他に、この深浦が栄えていた証拠があるんです。経済的な繁栄だけでなく、文化的な充実といいますかね。大変、俳句が盛んだったんですよ。港の反対側に宝泉寺というお寺がありまして、そこに千鳥塚、別名芭蕉塚というものがあります。松尾芭蕉の命日に深浦の俳人たちが集まり、それをしのんで建てられたものです。明和四年、一七六七年のことです」
十八世紀半ば、つまり北前船の全盛期だ。
「つまり、この深浦にそれだけ俳句を楽しんでいる人の……サークル的なものがあったと?」
澪の言葉に僧侶は微笑み、
「そうですね。それだけを見ても、当時の深浦の文化水準の高さが窺えると思いますよ」
当時の深浦にはよく文人墨客が訪れたという。町の富豪がそれをもてなし、逗留させ、他の土地の優れた文化を吸収する土壌があったのだ。いわゆるサロン文化の先駆けである。

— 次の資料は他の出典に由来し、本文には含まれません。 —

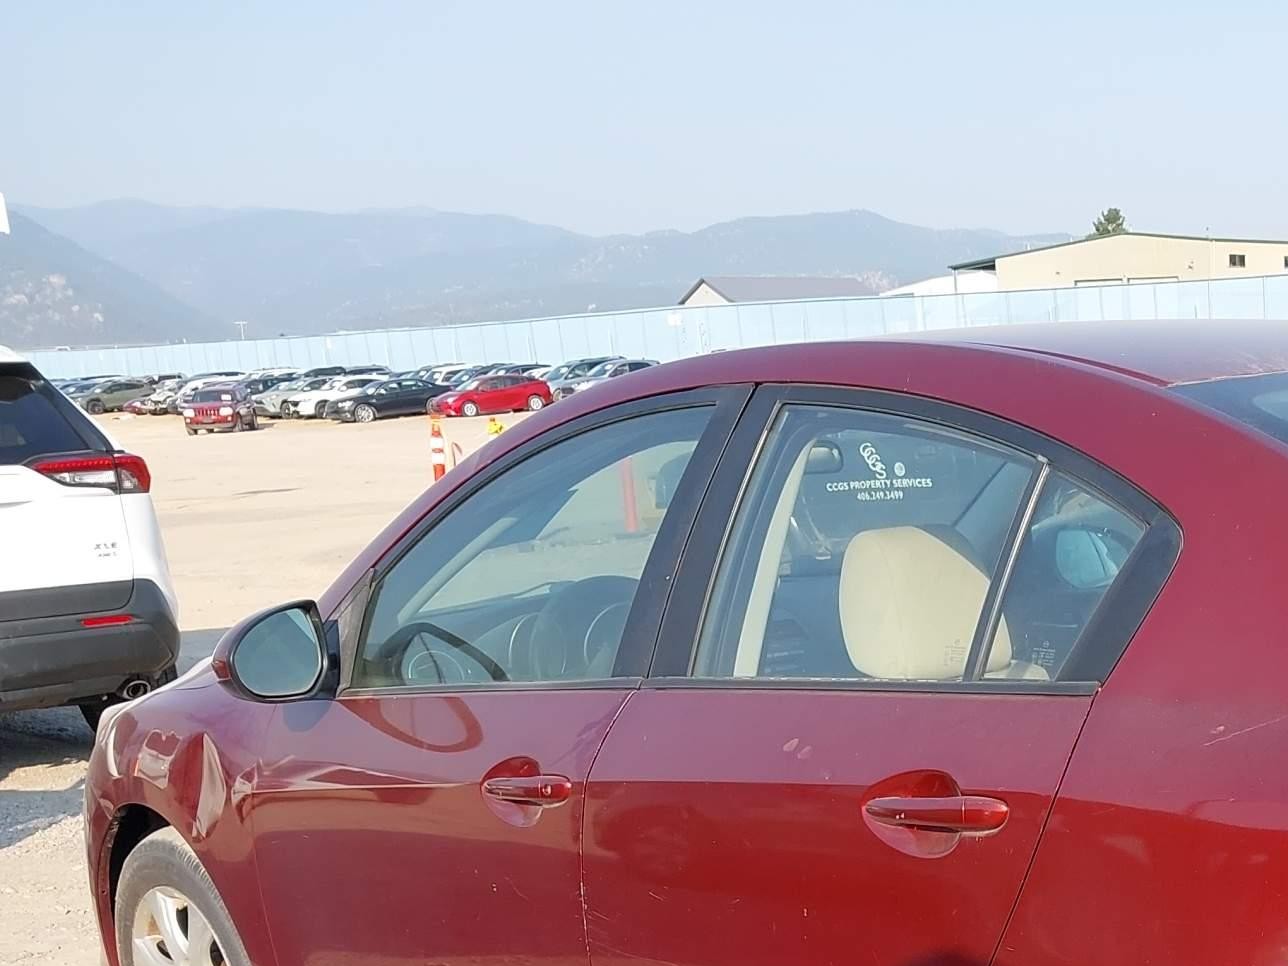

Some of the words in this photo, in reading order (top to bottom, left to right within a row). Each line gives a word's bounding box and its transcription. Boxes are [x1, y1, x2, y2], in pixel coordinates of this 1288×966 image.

「文化だけでなく、商業的なことでもやはり全国と交流が深くてですね、いろいろな商人の屋号、そこにもその痕跡があるんです。越後屋、小浜屋、若狭屋、大坂屋、讃岐屋、敦賀屋、それぞれ自分たちの出身地を屋号にした商人が大勢いたんですね。それだけ各地と交流があったと。それから、このあたりの言葉は福井あたりとイントネーションがそっくりといわれてます。福井から来た人たちがそれだけ多くいたことを示しているそうです」
他にも深浦の舮作というところに、黄金崎銭衛門(こがねざきぜにえもん)という名の海賊が居を構え豪勢な暮らしをしていた、という話も残っている。それだけ船の行き来が多かった証拠でもある。
「あの、この深浦には日和山はなかったんでしょうか?」
「あぁ、ありますよ」
澪の質問に僧侶は答えた。
「日和山といいますか、後志見山というところがそうです。歴史のある場所で、斉明帝の頃、七世紀半ばに、阿倍比羅夫が蝦夷平定のため、その山頂で戦略を練ったという伝説があります。北前船の頃には、そこで船乗りたちが海の様子を見定めたと伝えられています」
話を聞いた澪たちは、同寺の寺宝館を見学することになった。
その前に北浦がここに立ち寄ったかどうか、それを確かめようかと思ったが、澪は結局そうしなかった。
「でも……北浦さん、『風待ち館』だけじゃなくて、きっとここにも寄りましたね」
澪はぽつりと言った。
「どうしてそう思うの?」
「だって、ここは蝦夷地に向かう人が祈祷する場所だって話じゃないですか。それに……いえ、なんでもないです」
右の掌がじんわりと熱くなっていたが、そのことは紀生には言わないでおいた。
──寺宝館には重要文化財である「薬師堂内厨子」をはじめ、数々の展示物があった。その中でも、澪たちの目当ては船絵馬と、そして髷額だった。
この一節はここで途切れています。